Assignment: Retype the entries exactly, but skip the pictures.

####################

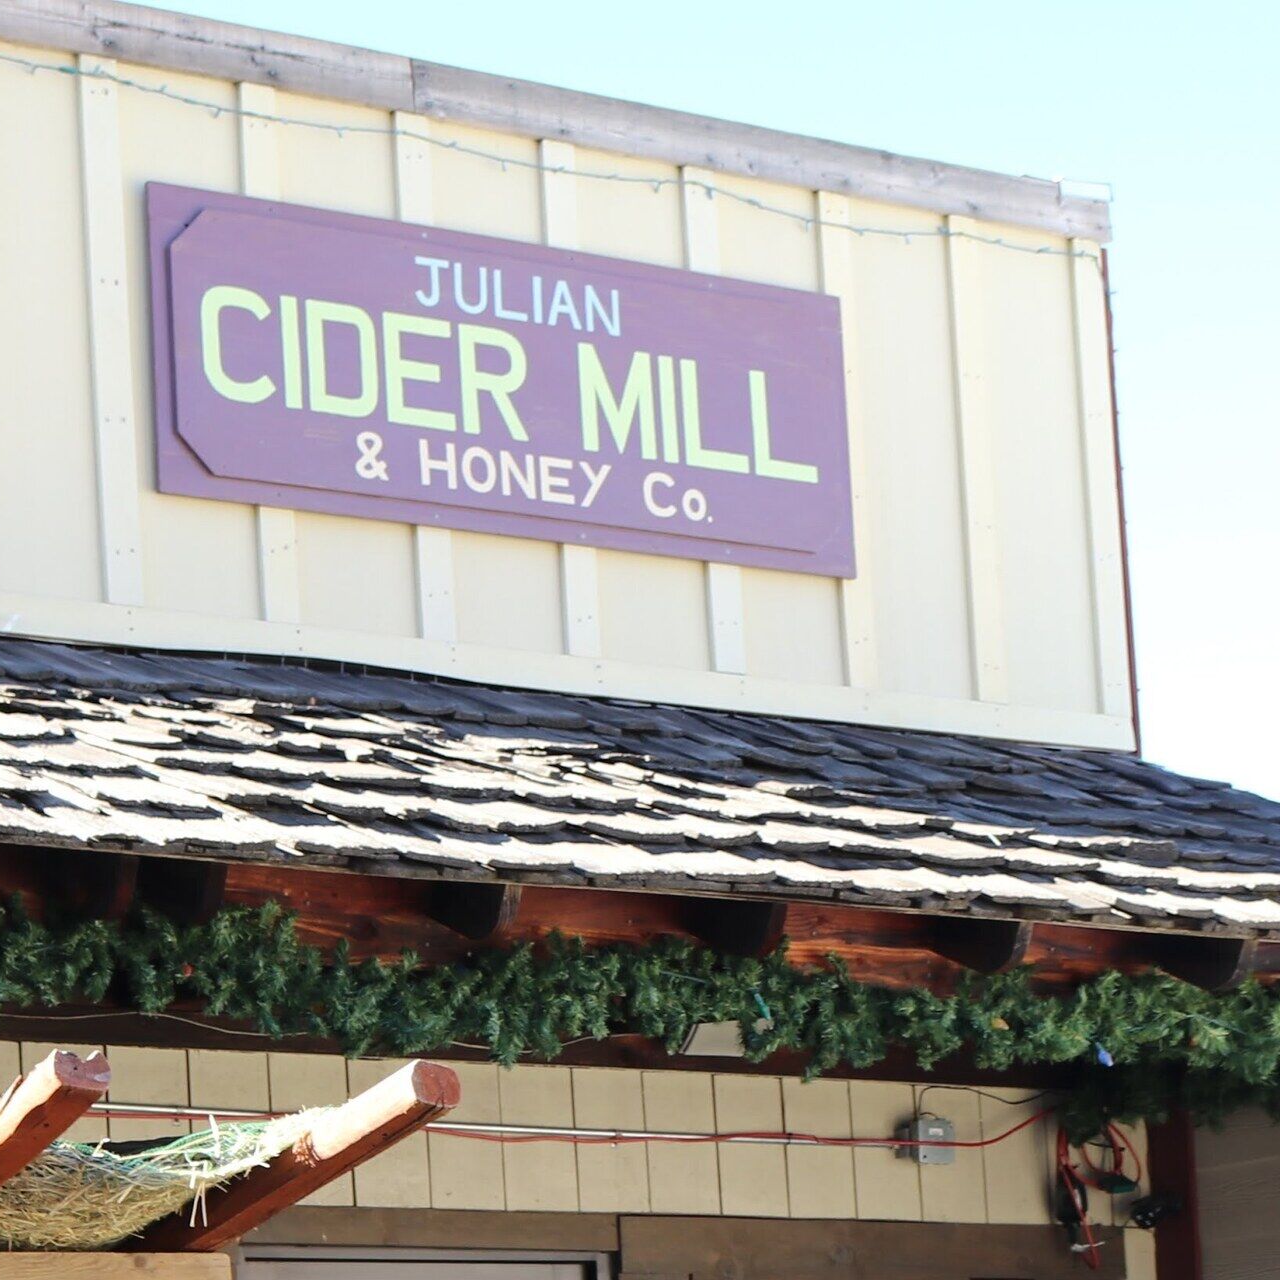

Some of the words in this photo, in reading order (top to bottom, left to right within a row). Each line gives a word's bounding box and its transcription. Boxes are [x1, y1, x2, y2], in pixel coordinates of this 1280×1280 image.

[415, 255, 620, 337] JULIAN
[200, 285, 530, 442] CIDER
[577, 342, 819, 484] MILL
[355, 431, 390, 482] &
[418, 438, 611, 508] HONEY
[643, 471, 713, 524] Co.
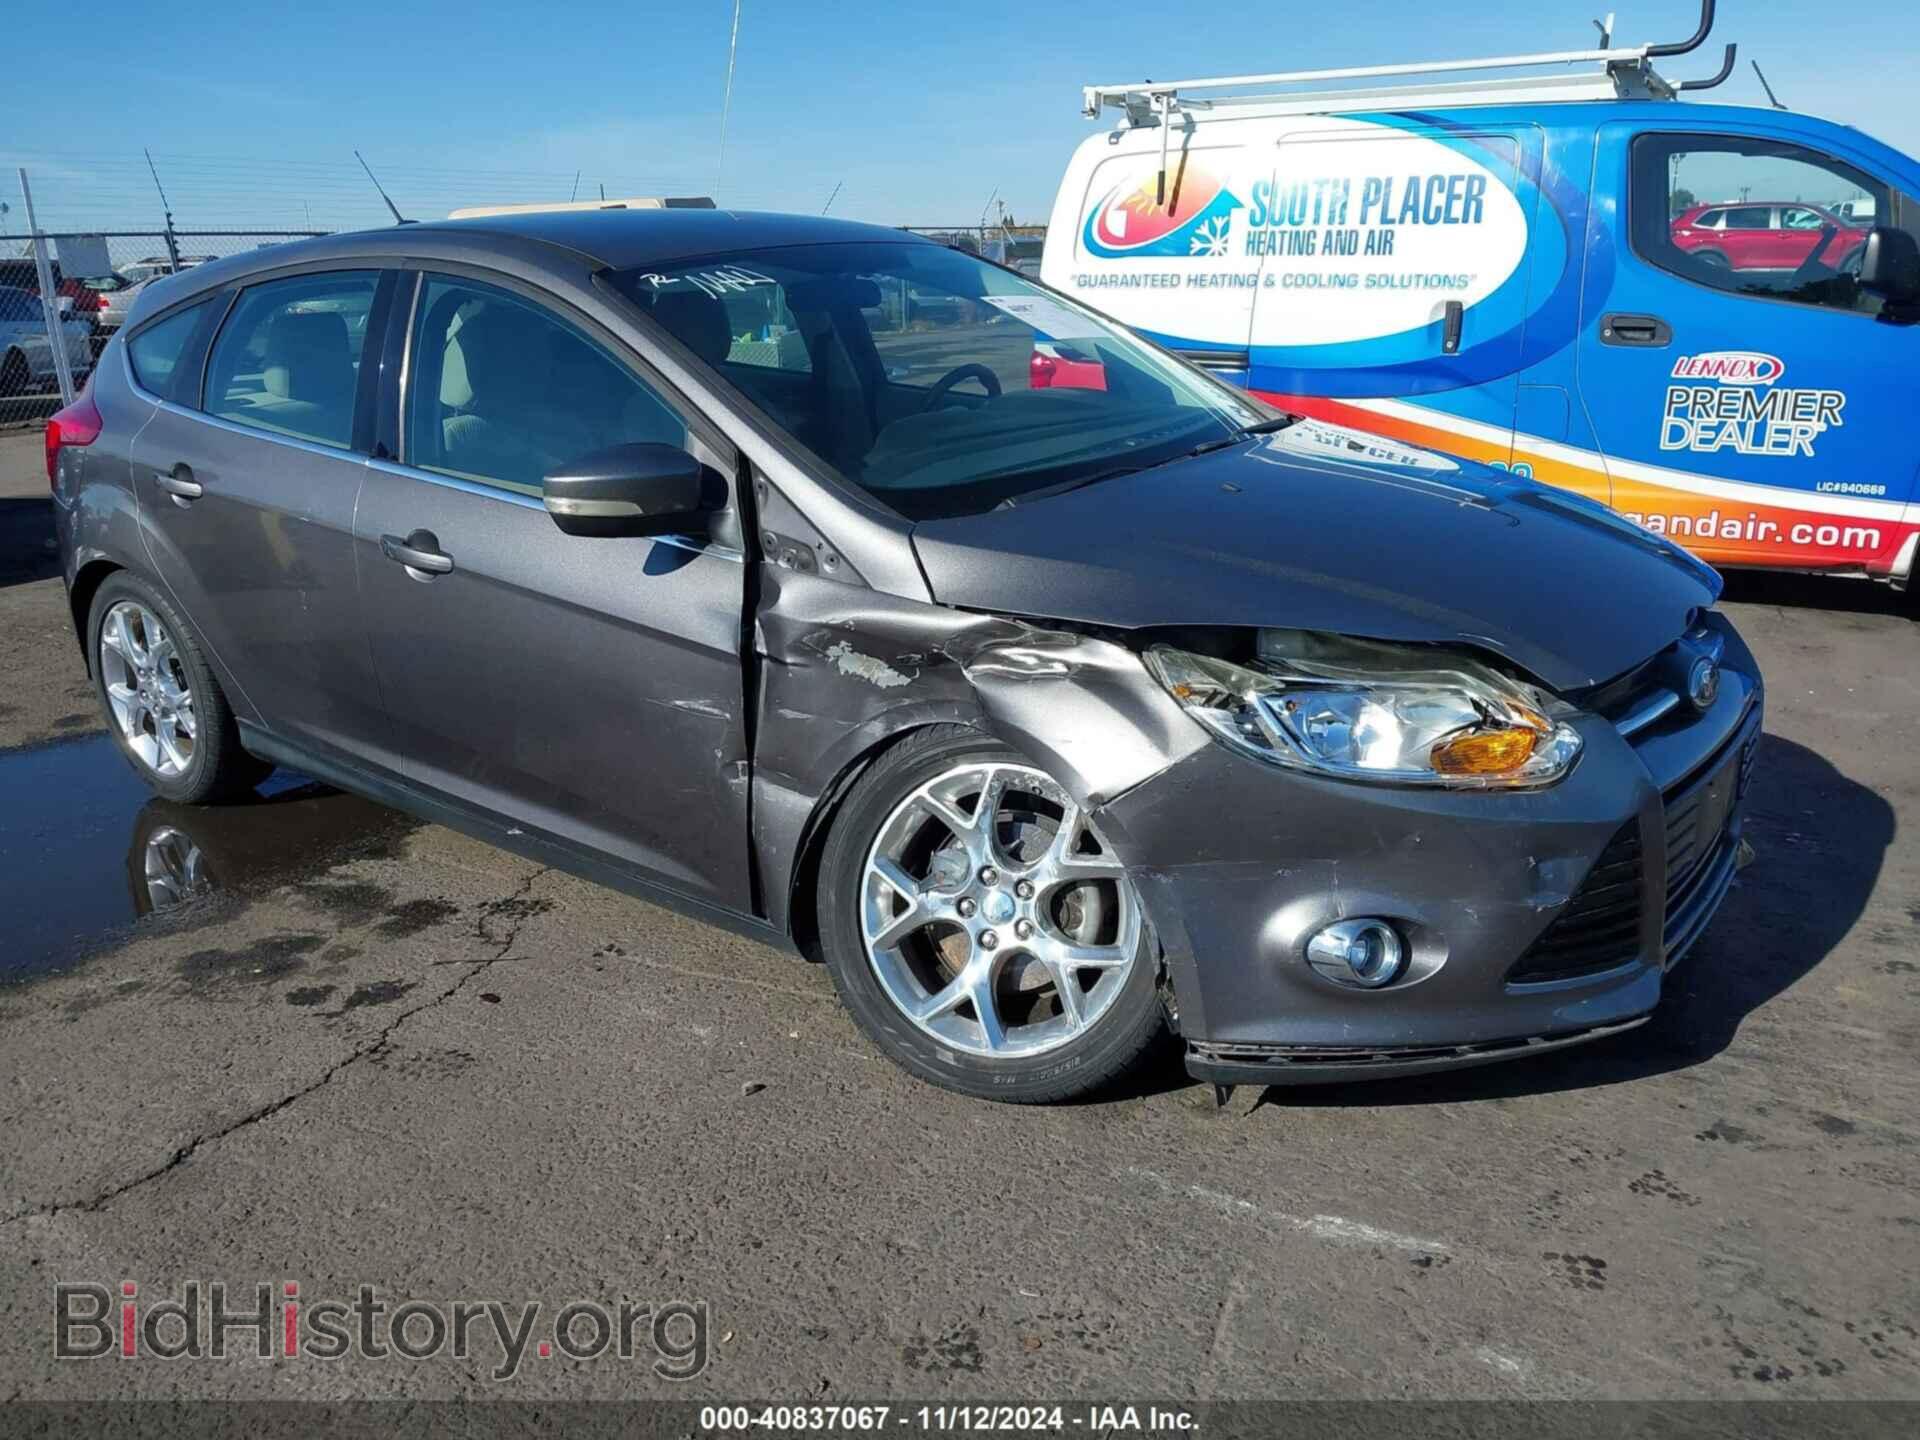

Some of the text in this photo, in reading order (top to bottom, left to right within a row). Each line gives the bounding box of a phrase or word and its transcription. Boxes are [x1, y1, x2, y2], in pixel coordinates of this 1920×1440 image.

[1250, 174, 1487, 227] SOUTH PLACER
[1245, 229, 1395, 256] HEATING AND AIR
[1187, 273, 1258, 289] HEATING
[1263, 274, 1275, 288] &
[1281, 273, 1359, 288] COOLING
[1673, 357, 1761, 378] LENNOX
[1665, 387, 1844, 425] PREMIER
[1660, 418, 1815, 457] DEALER

####################

Response:
Some of the words in this photo, in reading order (top to bottom, left to right within a row). Each line gives a word's bounding box and its transcription. Boxes are [x1, y1, x2, y2], in pixel coordinates of this 1280×1280 image.

[415, 255, 620, 337] JULIAN
[200, 285, 530, 442] CIDER
[577, 342, 819, 484] MILL
[355, 431, 390, 482] &
[418, 438, 611, 508] HONEY
[643, 471, 713, 524] Co.

Some of the text in this photo, in reading order (top to bottom, left to right within a row). Each line gives the bounding box of a phrase or word and its transcription. Boxes are [x1, y1, x2, y2], in pixel coordinates of this 1920×1440 image.

[1250, 174, 1487, 227] SOUTH PLACER
[1245, 229, 1395, 256] HEATING AND AIR
[1187, 273, 1258, 289] HEATING
[1263, 274, 1275, 288] &
[1281, 273, 1359, 288] COOLING
[1673, 357, 1761, 378] LENNOX
[1665, 387, 1844, 425] PREMIER
[1660, 418, 1815, 457] DEALER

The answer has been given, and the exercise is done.